The KSD-64A contains a 64 kbit EEPROM chip that can be used to store various types of keying and other information. A new (or zeroized) STU-III must first have a "seed key" installed. This key is shipped from NSA by registered mail or Defense Courier Service. Once the STU-III has its seed key, the user calls a toll-free number at NSA to have the seed key converted into an operational key. A list of compromised keys is downloaded to the STU-III at this time. The operational key is supposed to be renewed at least once a year.

The operational key is then split into two components, one of which replaces the information on the KSD-64A, at which point it becomes a Crypto Ignition Key or CIK. When the CIK is removed from the STU-III telephone neither unit is considered classified. Only when the CIK is inserted into the STU-III on which it was created can classified information be received and sent.
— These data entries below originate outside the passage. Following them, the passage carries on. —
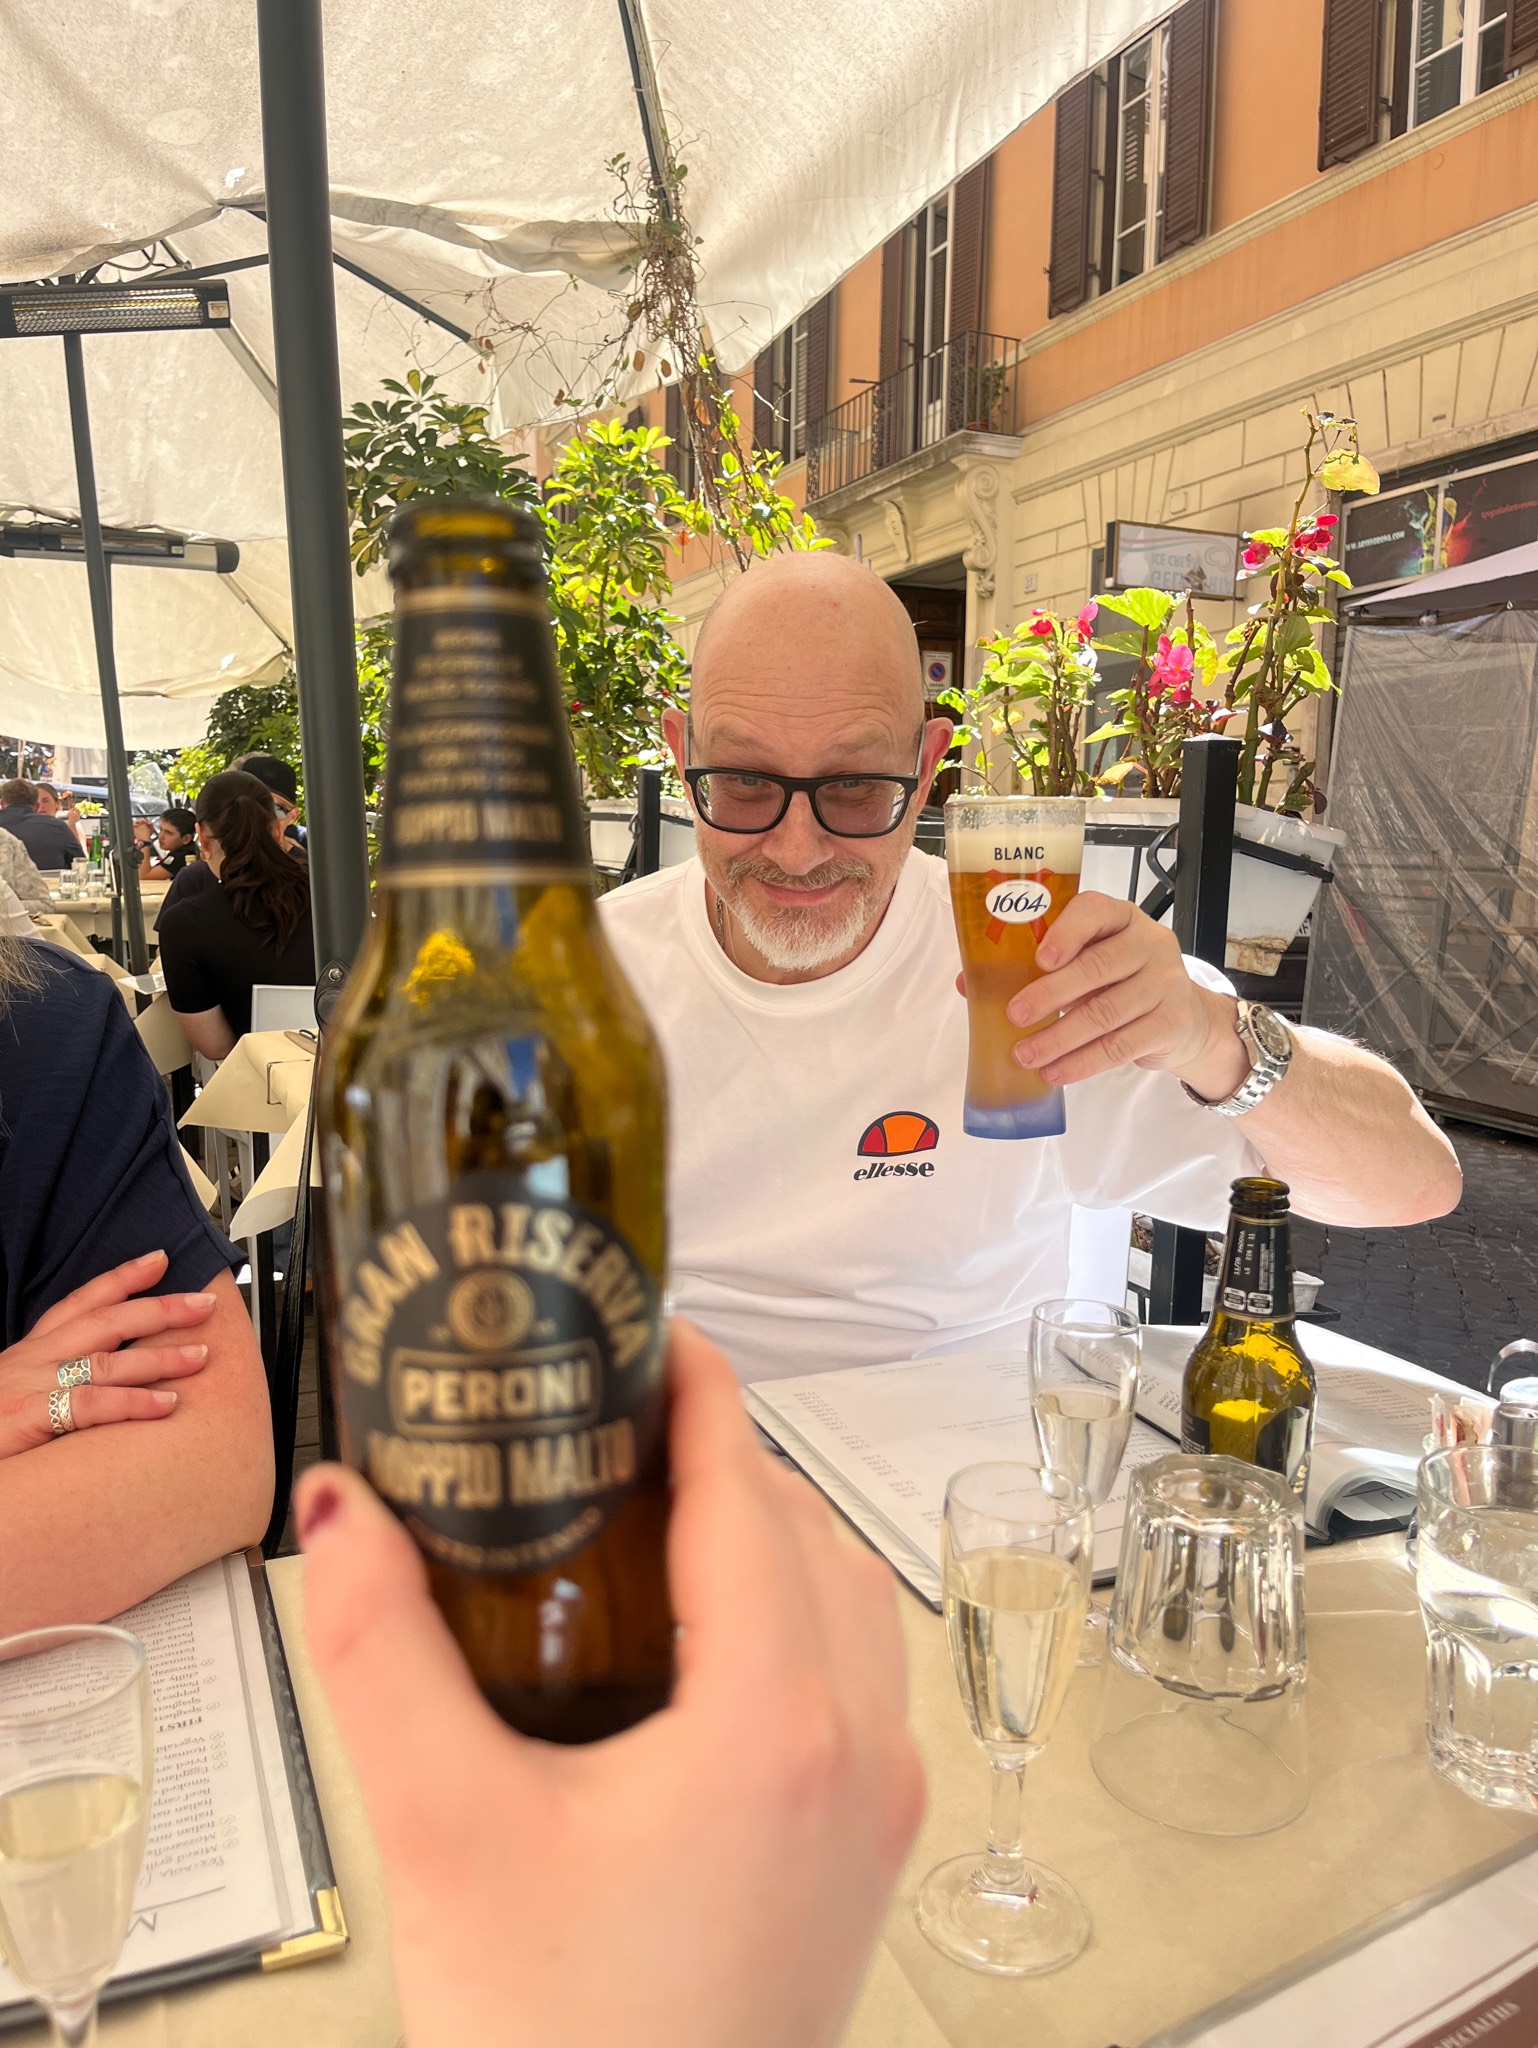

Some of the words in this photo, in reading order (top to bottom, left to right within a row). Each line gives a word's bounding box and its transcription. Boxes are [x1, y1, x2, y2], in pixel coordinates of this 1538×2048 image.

[994, 846, 1045, 860] BLANC
[992, 890, 1047, 913] 1664
[853, 1162, 935, 1181] ellesse
[1237, 1230, 1246, 1253] PADOVA
[343, 1220, 441, 1387] GRAN
[447, 1203, 651, 1368] RISERVA
[401, 1359, 592, 1423] PERONI
[151, 1663, 198, 1677] Strozzap
[166, 1680, 199, 1691] Penne
[156, 1686, 200, 1703] pepper)
[154, 1697, 202, 1712] Spaghett
[154, 1706, 203, 1721] Spaghett
[156, 1716, 203, 1733] FIRST
[156, 1736, 206, 1754] Vegetabl
[157, 1766, 208, 1784] Eggplant
[161, 1776, 210, 1796] Smoked
[184, 1787, 211, 1801] Beef
[153, 1795, 181, 1806] carp
[175, 1798, 212, 1813] Italian
[176, 1809, 214, 1824] Italian
[177, 1820, 215, 1836] Italian
[147, 1831, 216, 1857] Mozzarella
[177, 1844, 217, 1864] Mixed
When a call "goes secure", the two STU-III's create a unique key that will be used to encrypt just the call being placed. Each unit first makes sure that the other is not using a revoked key and if one has a more up-to-date key revocation list, it transmits it to the other.
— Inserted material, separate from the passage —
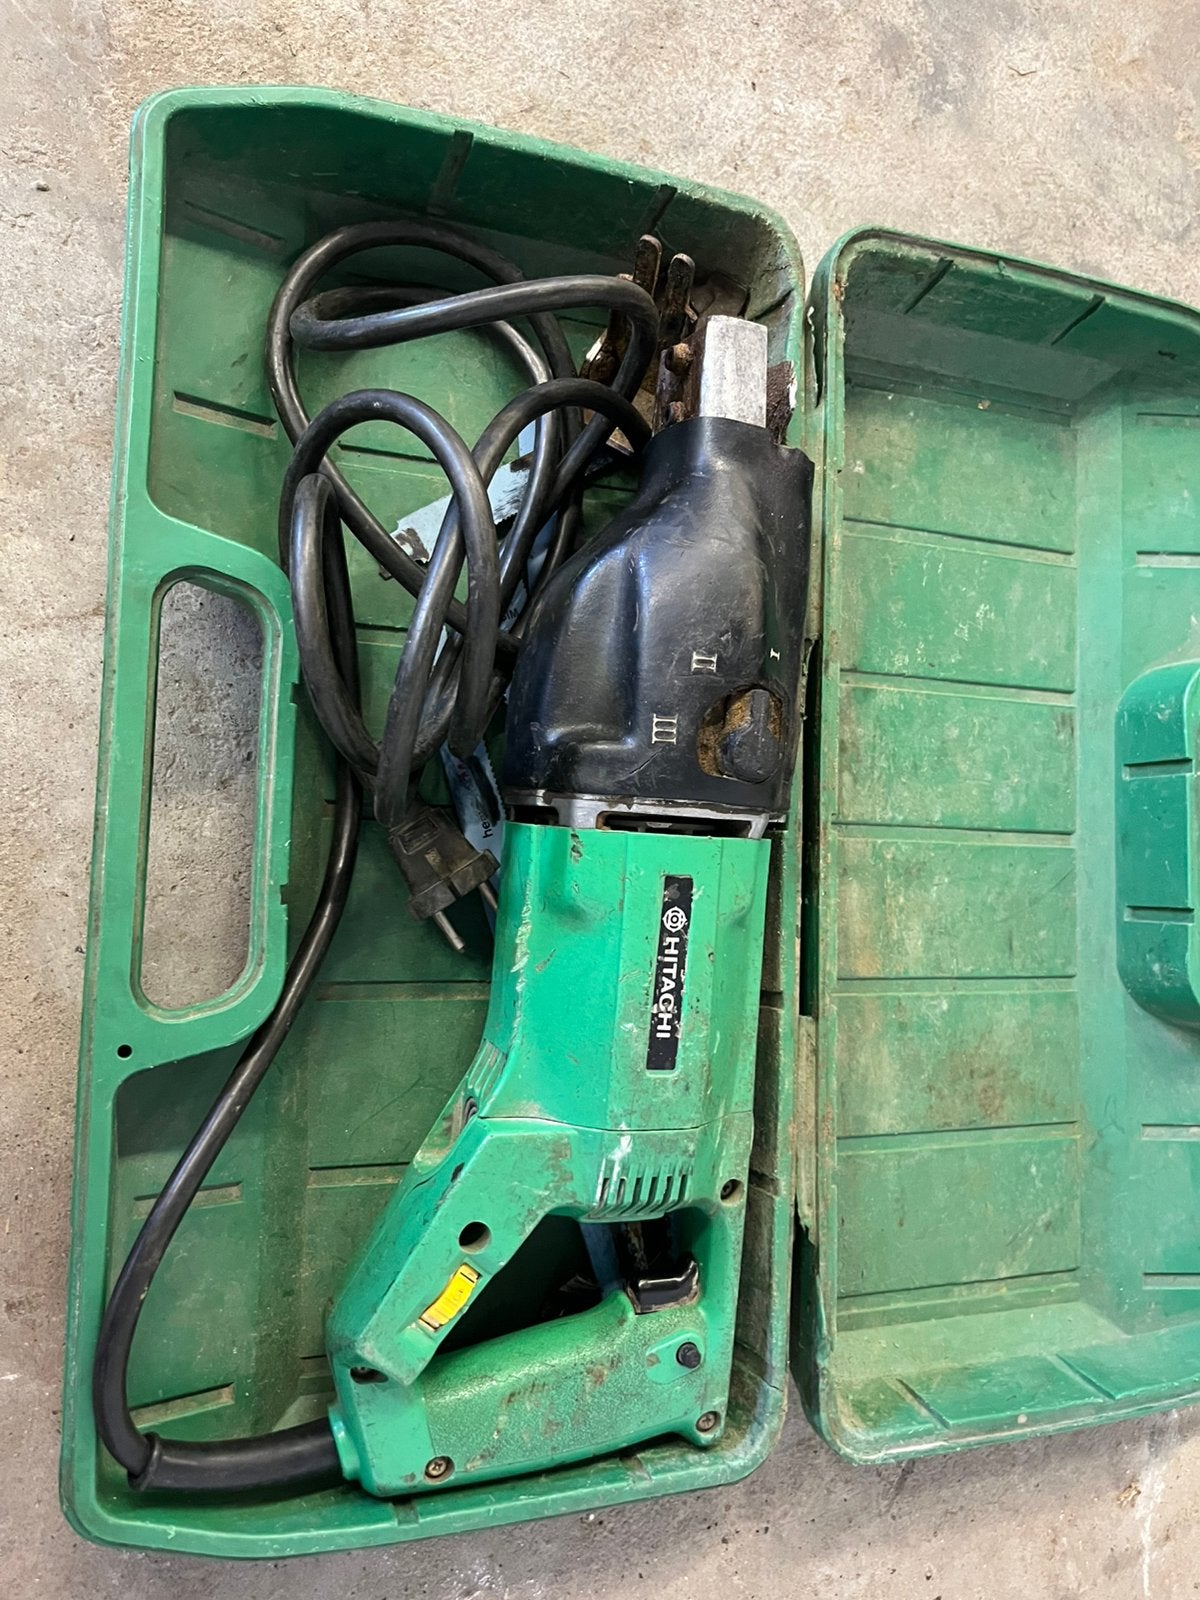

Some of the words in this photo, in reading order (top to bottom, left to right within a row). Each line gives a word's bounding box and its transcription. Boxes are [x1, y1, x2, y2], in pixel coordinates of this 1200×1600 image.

[691, 651, 717, 673] II
[651, 713, 678, 745] III
[656, 936, 680, 1039] HITACHI
While there have been no reports of STU-III encryption being broken, there have been claims that foreign intelligence services can recognize the lines on which STU-IIIs are installed and that un-encrypted calls on these lines, particularly what was said while waiting for the "go secure" command to complete, have provided valuable information.

==Use==
Hundreds of thousands of STU-III sets were produced and many were still in use as of 2004. STU-III replaced earlier voice encryption devices, including the KY-3 (1960s), the STU-I (1970) and the STU-II (1975). The STU-II had some 10,000 users. These, in turn, replaced less secure voice scramblers. Unlike earlier systems, the STU-III's encryption electronics are completely contained in the desk set. Further, the reduced bandwidth required by a STU-III permitted it to be used for encrypted voice communications even over limited conduits such as the commercial maritime communication satellites of the day. The STU-III is no longer in use, having been replaced by the STE (Secure Terminal Equipment) or OMNI, more modern, all digital systems that overcome many of the STU-III's problems, including the 15 second delay.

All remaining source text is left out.